The first book features Reiko's work, with many small articles made from Yuza-sashiko, while the patchwork magazine shows the work of Yuza Sashiko School, classes run by Reiko and my sashiko teacher, Chie Ikeda, with many works by different stitchers. I will post scans from that magazine in another post soon. Please be patient - these are large scans and the blog will take slightly longer to load than with regular photos! Also, if you don't have Japanese language fonts enabled on your computer, the Japanese text I'm typing will look like a series of punctuation marks etc. all mixed up.
職人仕事の日本 (Craftspeople's craft work of Japan) Vol 4 - cover
The article title refers to teaching Yuza Sashiko.
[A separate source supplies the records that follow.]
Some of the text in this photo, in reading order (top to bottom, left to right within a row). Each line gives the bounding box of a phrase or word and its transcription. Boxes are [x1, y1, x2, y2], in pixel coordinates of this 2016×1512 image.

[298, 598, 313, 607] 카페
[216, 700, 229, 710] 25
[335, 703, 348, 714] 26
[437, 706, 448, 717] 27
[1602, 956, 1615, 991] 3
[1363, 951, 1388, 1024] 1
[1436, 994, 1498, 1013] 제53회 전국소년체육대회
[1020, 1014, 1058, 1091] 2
I will see if I can get some help re translating the longer sections of text, as my Japanese reading abilities aren't very good! As usual, click the images to see them full size.
Reiko stitching - the photos on the right show the front and back of the same pattern, which combines hexagons (longevity) with diamonds (increase), filled in with little lozenge-shaped motifs inspired by kasuri (ikat) designs.
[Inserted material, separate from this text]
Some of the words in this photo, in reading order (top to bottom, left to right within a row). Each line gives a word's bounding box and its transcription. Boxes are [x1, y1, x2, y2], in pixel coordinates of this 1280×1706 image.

Sashiko is a skill which has undergone many changes in the last hundred years, from being a mostly ultilitarian necsssity, but with decorative possibilities, to a craft that can be used for modern items that need to be just as hardwearing as the old farmer's waistcoats (like the one in the second photo above) - Yuza Sashiko is excellent for modern items like handbags, shopping bags, wallets, sewing goods, and any items that need to be handled and used a lot. It reinforces the fabric while adding traditional decorative designs, which also have symbolic meanings, such as long life for hexagonal patterns (the pattern of a turtle shell). Many Yuza Sashiko patterns have similar designs to the small komon stencilled patterns that were used for samurai kamishimo (a formal waistcoat and hakama pants set).
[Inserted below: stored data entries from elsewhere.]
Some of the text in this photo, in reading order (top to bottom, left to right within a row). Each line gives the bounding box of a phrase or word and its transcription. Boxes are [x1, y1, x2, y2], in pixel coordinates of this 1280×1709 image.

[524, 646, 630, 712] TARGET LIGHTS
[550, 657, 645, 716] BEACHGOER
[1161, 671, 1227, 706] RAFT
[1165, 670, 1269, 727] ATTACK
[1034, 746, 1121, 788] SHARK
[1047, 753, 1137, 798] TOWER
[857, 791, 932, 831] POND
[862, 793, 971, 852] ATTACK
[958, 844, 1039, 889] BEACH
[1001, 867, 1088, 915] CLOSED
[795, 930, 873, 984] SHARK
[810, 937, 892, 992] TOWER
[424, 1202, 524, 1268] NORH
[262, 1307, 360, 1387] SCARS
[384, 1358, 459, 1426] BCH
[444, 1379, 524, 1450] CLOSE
Like any tradition, it has to evolve to survive. I don't agree with the idea that sashiko is a dying art. It is just too popular in Japan and, today, all over the world for that to be the case. It is not an exaggeration to state that you can buy sashiko books, threads, fabrics, needles etc. in almost any sewing shop in Japan, which is hardly the mark of a craft which is dying out, and most Japanese homes probably have something made in sashiko (even if only toilet paper covers!) It is true that today the items people are making will not be hanten workjackets any more than quilters in the UK will be making huge North Country or Welsh wholecloth quilts - we are taking the traditional designs and using them to make smaller articles suitable to our lives today, but this does not imply that the patterns are any less meaningful or symbolic for contemporary quilters. Think of how many times a quilter tells you that they included a particular pattern, fabric or colour because they were making a piece of work with a special person in mind. A modern British quilter stitching a sashiko quilt for her husband is just as likely to include patterns like urokozashi ((fish) scale stitch) or a koi motif if his hobby is fishing as a Japanese stitcher at the end of the nineteenth century might have decorated her fisherman husband's waistcoat with the same urokozashi.